Your assignment
The word "Compatible" occurs in some lines of the data. Return each such line.

[Saved entries]

*** Block opens ***

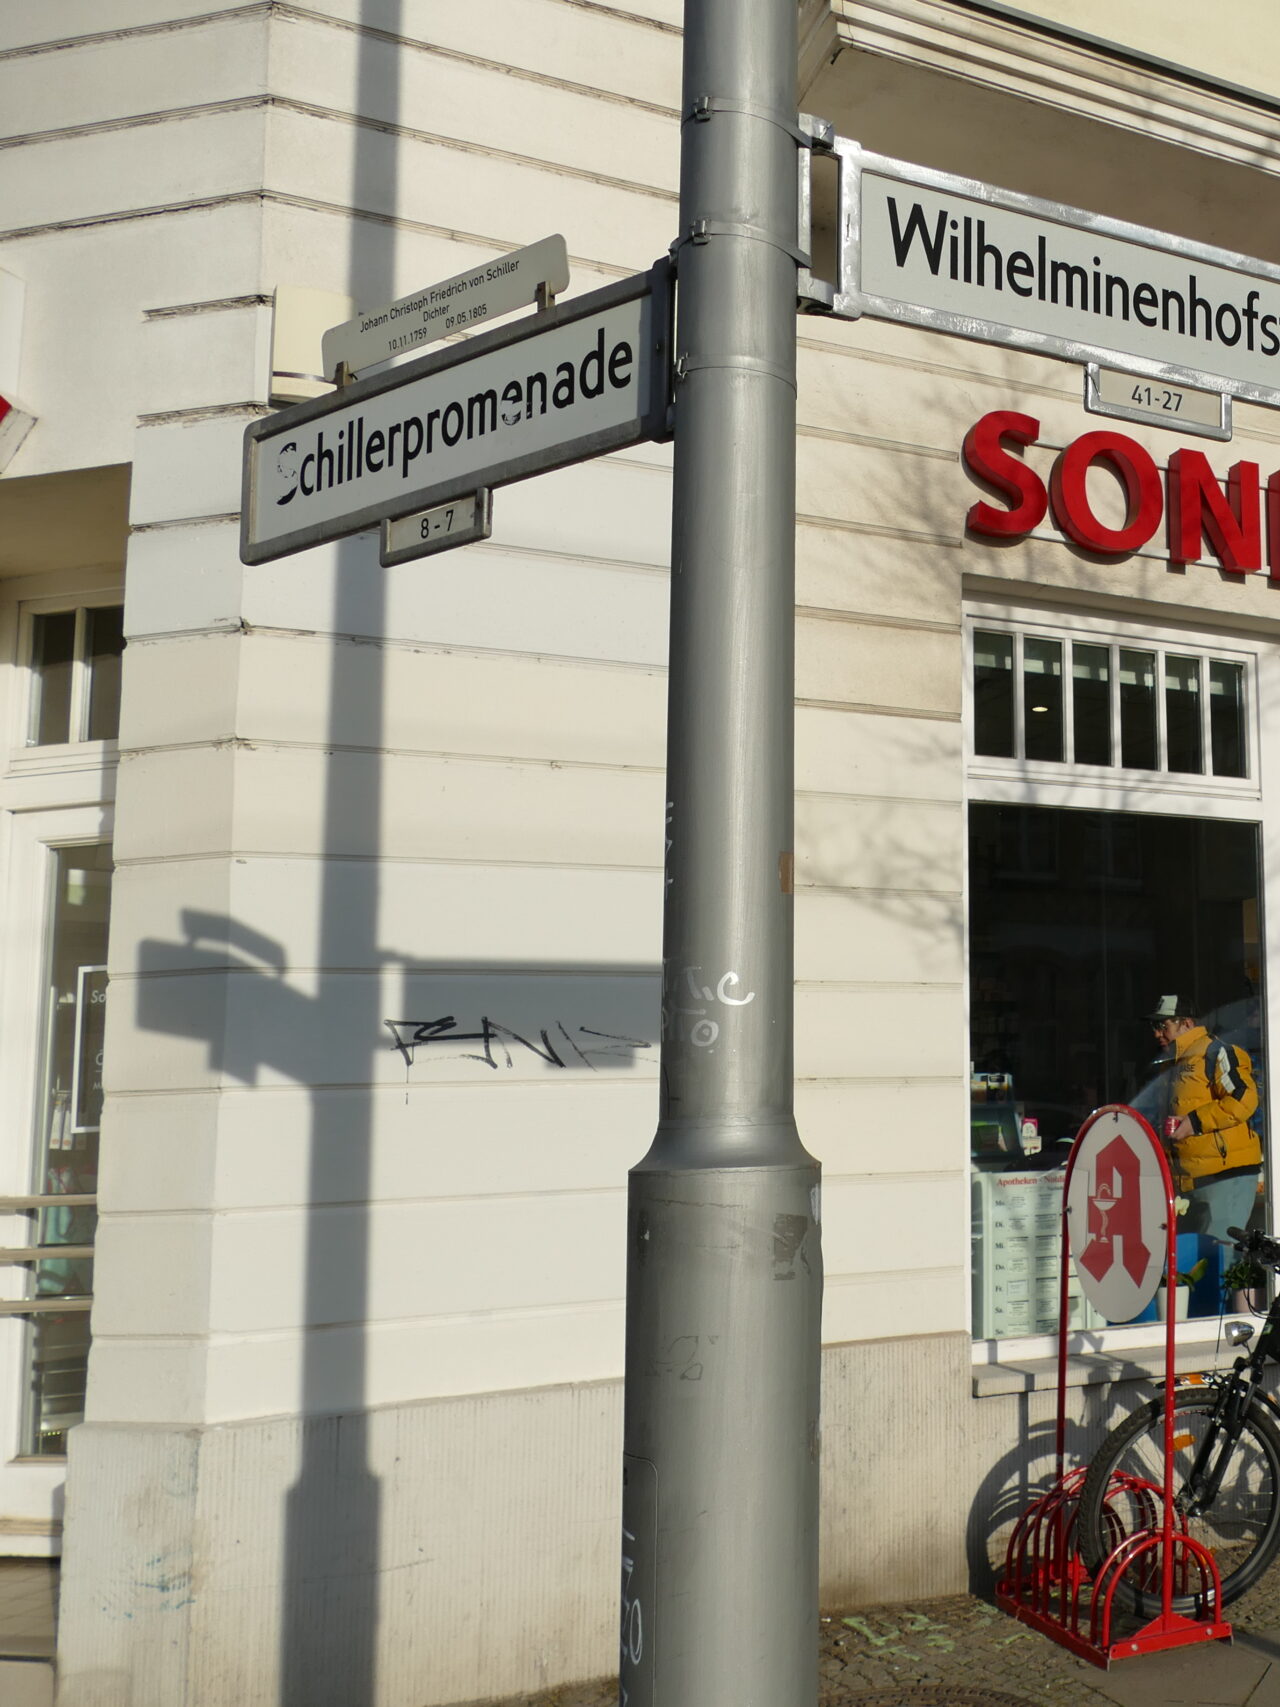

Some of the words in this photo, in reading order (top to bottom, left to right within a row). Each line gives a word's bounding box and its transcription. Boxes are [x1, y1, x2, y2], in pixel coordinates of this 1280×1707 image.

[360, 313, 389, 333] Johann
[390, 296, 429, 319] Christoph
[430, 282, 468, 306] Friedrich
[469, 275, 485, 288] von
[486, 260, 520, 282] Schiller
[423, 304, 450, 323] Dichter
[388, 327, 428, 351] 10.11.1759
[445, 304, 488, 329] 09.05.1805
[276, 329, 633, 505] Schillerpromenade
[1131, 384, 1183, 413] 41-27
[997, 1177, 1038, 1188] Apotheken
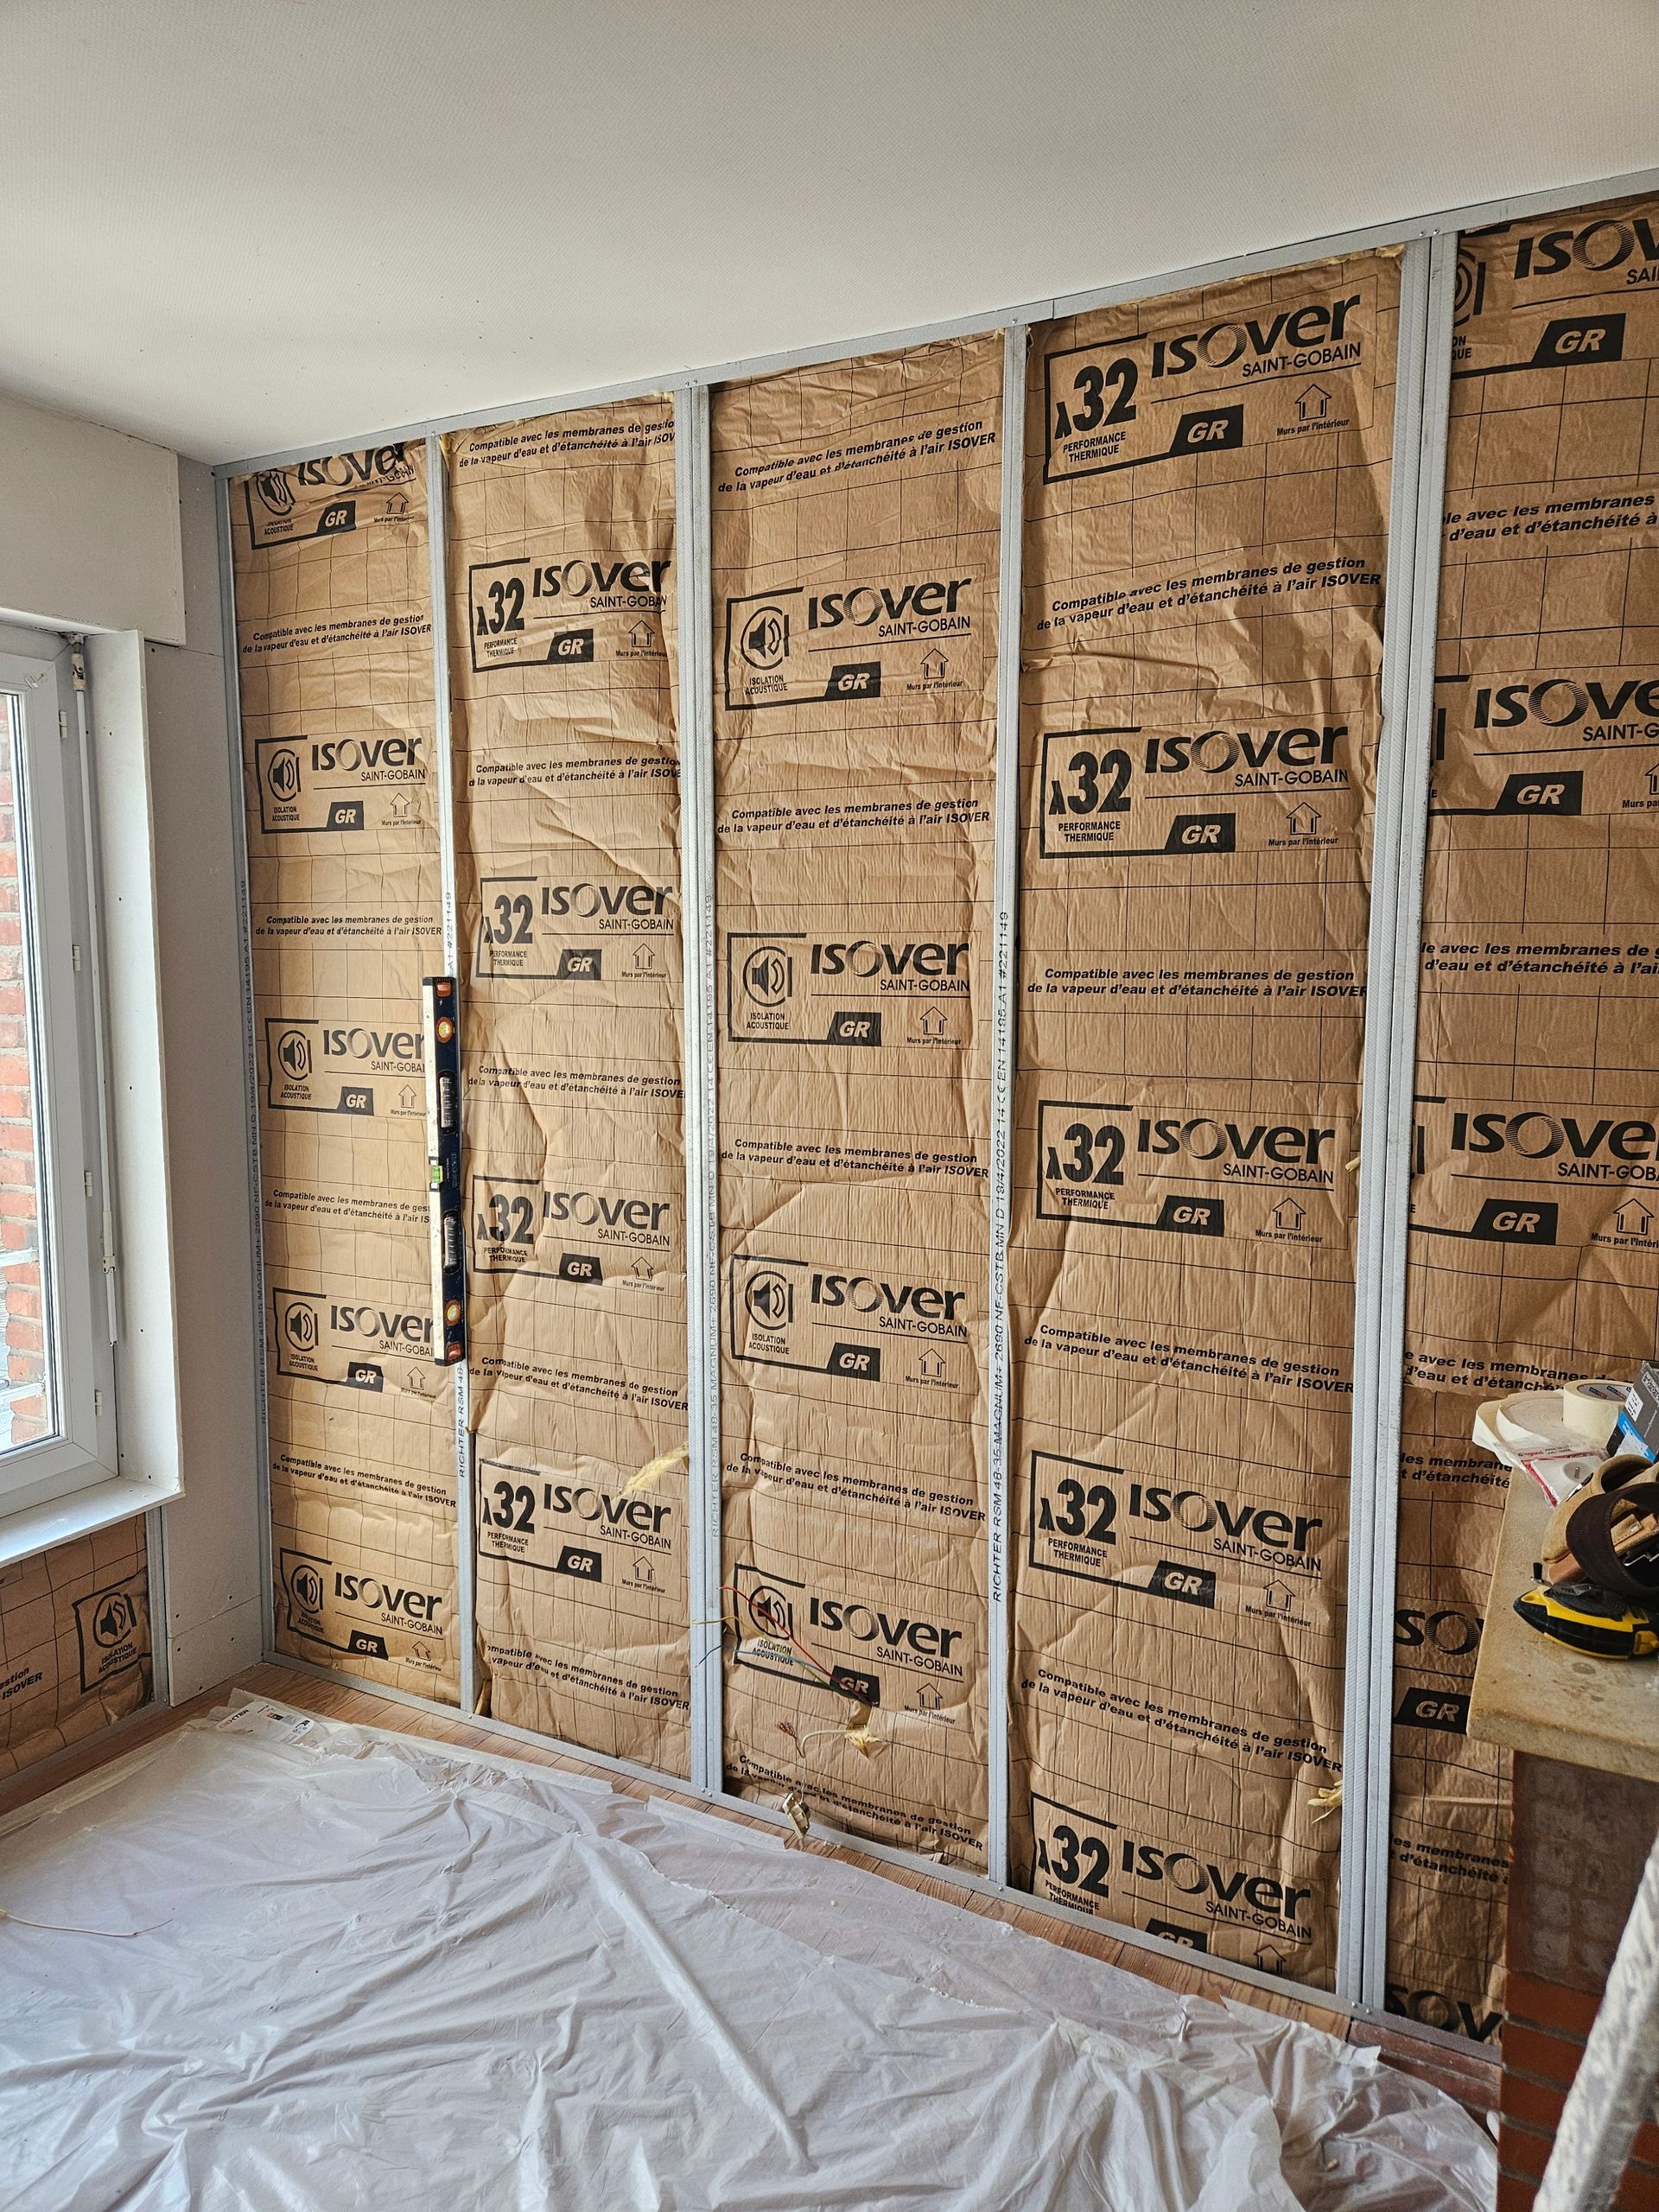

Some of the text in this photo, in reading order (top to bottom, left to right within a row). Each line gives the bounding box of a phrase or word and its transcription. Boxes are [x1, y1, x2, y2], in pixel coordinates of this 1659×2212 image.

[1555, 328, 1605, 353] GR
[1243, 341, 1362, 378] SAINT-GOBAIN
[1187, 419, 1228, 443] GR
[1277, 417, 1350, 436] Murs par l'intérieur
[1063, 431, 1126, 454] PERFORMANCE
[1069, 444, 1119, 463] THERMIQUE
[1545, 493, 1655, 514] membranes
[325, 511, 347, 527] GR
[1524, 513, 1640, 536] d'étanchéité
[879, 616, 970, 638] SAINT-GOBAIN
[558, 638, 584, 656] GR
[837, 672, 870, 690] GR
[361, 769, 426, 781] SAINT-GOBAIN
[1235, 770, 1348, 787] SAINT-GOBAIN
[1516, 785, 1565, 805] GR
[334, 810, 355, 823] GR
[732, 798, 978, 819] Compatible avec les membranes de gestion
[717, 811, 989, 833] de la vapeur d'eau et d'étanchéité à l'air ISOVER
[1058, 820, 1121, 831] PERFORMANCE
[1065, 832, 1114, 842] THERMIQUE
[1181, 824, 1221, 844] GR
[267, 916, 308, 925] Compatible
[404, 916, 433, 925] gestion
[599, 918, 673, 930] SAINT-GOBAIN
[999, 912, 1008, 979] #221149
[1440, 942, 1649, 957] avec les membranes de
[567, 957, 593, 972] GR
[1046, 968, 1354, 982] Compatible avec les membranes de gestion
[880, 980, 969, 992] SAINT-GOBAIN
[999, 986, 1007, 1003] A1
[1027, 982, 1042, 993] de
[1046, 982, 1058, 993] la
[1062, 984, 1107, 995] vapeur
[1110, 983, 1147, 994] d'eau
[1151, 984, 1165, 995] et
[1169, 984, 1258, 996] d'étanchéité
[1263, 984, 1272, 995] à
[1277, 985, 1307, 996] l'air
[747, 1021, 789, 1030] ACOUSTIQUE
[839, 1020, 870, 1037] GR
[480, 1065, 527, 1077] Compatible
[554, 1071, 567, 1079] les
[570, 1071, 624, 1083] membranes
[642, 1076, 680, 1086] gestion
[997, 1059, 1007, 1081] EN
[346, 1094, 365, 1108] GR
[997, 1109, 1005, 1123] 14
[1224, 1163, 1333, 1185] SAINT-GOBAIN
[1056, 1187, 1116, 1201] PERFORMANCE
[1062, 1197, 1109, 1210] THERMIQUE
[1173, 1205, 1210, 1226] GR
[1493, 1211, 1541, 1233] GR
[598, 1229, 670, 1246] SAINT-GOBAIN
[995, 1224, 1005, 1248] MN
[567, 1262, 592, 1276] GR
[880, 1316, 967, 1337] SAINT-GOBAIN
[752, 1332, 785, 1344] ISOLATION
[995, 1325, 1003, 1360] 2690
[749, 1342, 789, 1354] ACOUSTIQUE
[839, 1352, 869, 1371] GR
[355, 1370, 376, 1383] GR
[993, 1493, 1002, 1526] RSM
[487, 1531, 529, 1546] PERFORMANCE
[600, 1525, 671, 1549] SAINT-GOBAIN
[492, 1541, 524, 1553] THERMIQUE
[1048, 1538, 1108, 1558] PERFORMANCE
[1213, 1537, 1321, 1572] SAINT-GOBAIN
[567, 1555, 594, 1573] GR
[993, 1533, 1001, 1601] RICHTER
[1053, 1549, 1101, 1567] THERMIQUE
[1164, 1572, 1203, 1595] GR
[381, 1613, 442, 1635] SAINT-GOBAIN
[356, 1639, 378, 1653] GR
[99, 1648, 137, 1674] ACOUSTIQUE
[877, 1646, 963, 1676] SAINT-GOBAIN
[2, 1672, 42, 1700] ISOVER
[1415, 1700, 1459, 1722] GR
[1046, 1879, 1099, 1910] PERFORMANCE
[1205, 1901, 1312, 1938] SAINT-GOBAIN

*** Block closes ***

Result for this task
[732, 798, 978, 819] Compatible avec les membranes de gestion
[267, 916, 308, 925] Compatible
[1046, 968, 1354, 982] Compatible avec les membranes de gestion
[480, 1065, 527, 1077] Compatible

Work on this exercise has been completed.